(1933-2016)

Who Was Gene Wilder?

Gene Wilder began his movie career in 1967’s Bonnie and Clyde, but he became famous as a favorite of writer/director Mel Brooks. His wacky roles in films such as Willy Wonka & the Chocolate Factory, Blazing Saddles and Young Frankensteineimade him an unforgettable comedy icon. In his later years, Wilder became a serious novelist, writing a memoir and several novels. He was married to fellow actor/comedian Gilda Radner, until her death in 1989. He died on August 28, 2016, at the age of 83.

Early Life

Wilder was born Jerome Silberman in Milwaukee, Wisconsin, on June 11, 1933, to a Jewish family. His father, William, had emigrated from Russia.
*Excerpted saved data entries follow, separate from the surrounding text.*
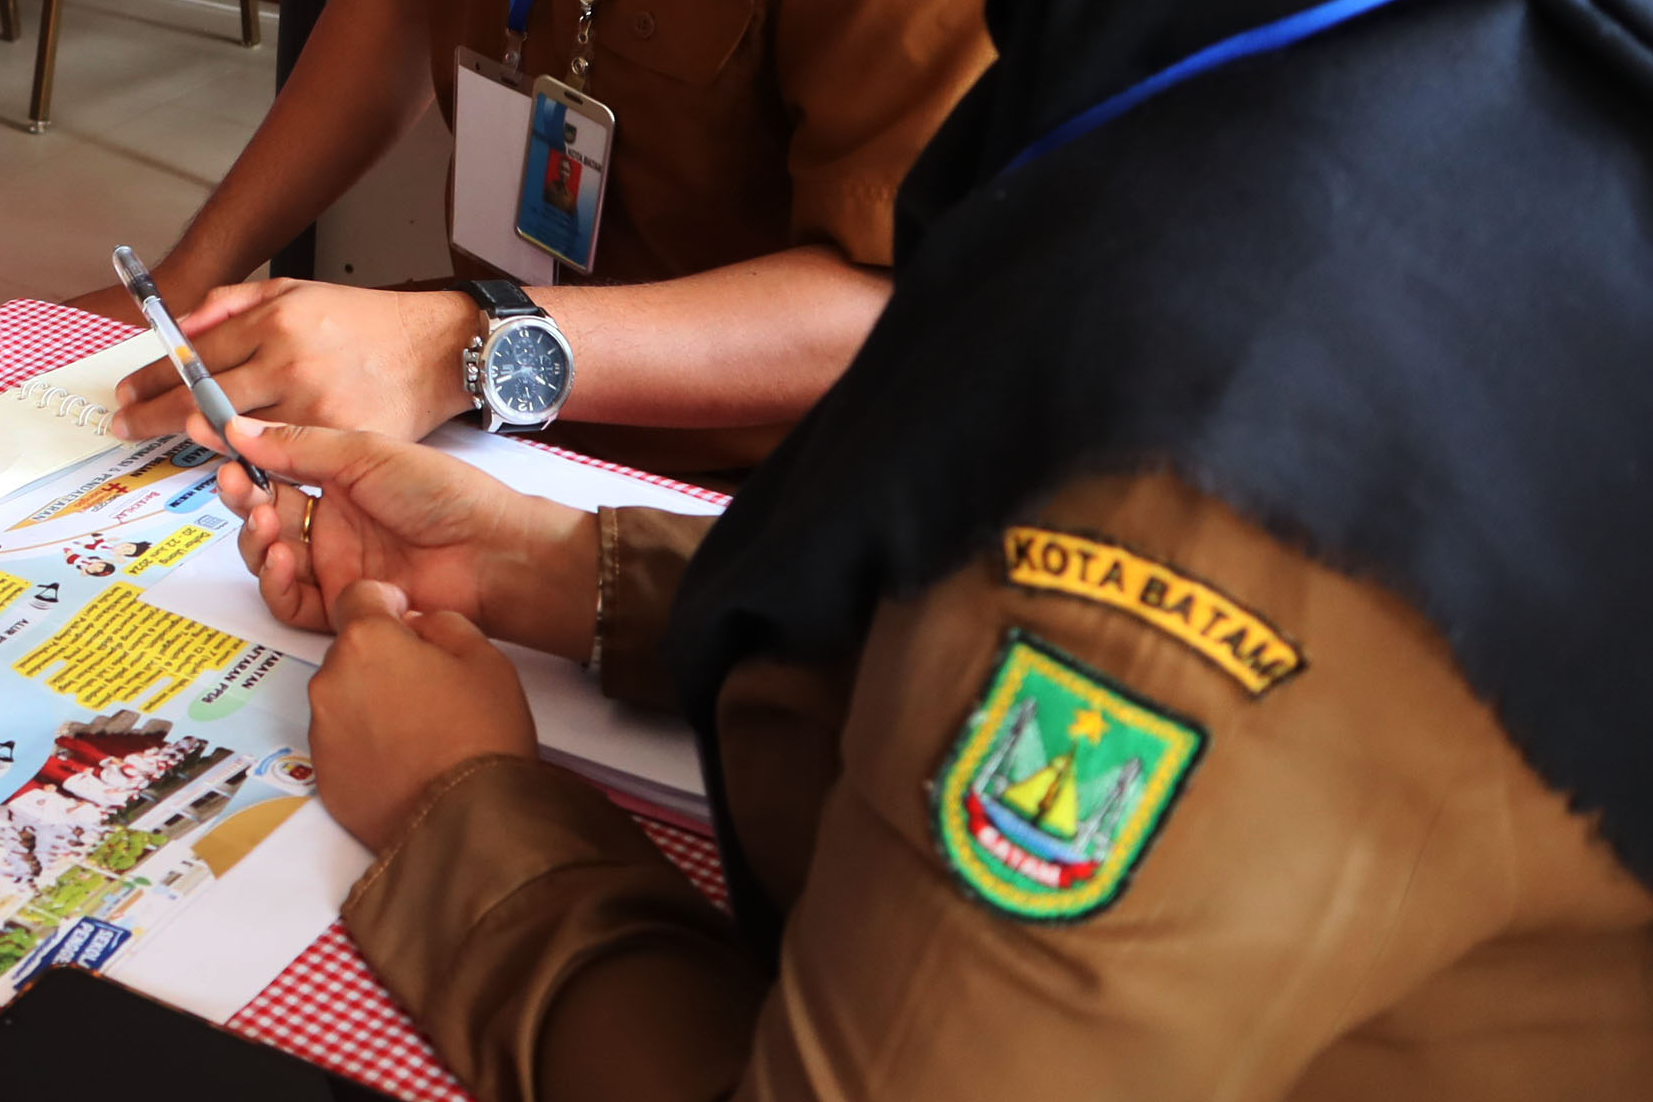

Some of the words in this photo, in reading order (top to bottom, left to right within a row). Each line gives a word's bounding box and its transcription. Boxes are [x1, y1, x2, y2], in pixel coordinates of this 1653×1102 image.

[181, 526, 196, 537] 20
[163, 538, 180, 549] 22
[149, 546, 167, 560] Juni
[157, 547, 187, 566] Ulang
[126, 556, 153, 576] 2024
[1013, 534, 1125, 593] KOTA
[1140, 576, 1288, 679] BATAM
[3, 618, 29, 636] ALUR
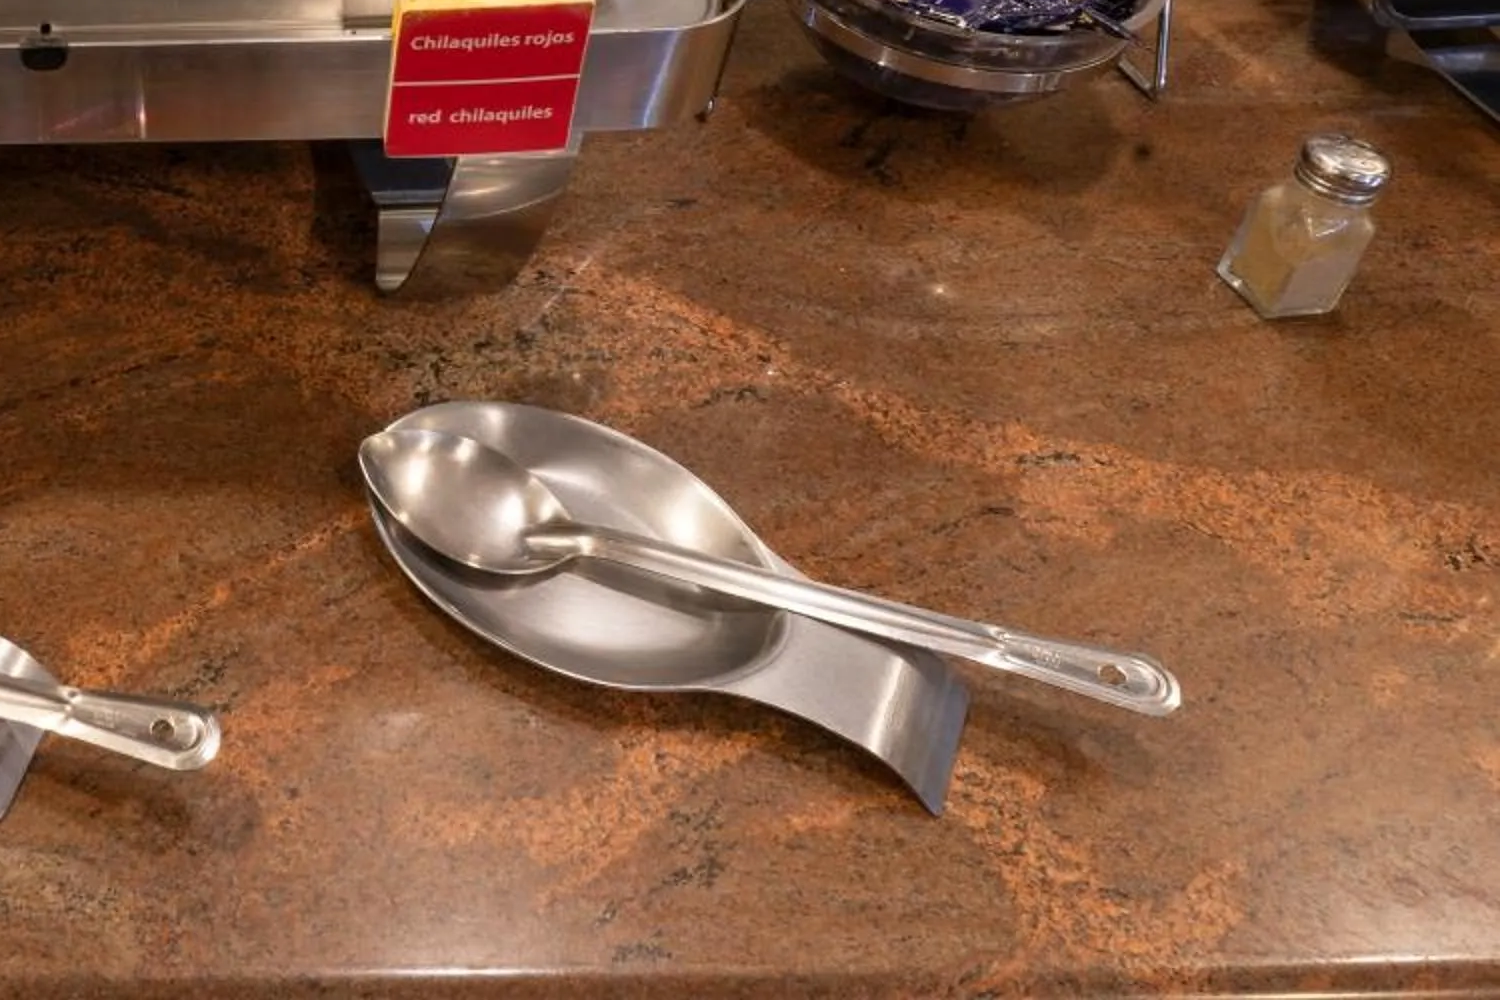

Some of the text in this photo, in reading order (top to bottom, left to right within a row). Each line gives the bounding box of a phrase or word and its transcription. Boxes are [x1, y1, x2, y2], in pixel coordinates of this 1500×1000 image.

His mother, Jeanne, was often ill from complications from rheumatic heart disease, and a doctor warned the eight-year-old Jerome, “Don’t ever argue with your mother… you might kill her. Try to make her laugh.” These circumstances began Wilder’s lifelong calling to acting, as he made his mother laugh by putting on different accents. After a brief stint in a California military academy, Wilder moved back to Milwaukee and became involved with the local theater scene, making his stage debut as Balthasar in a production of Shakespeare’s Romeo and Juliet.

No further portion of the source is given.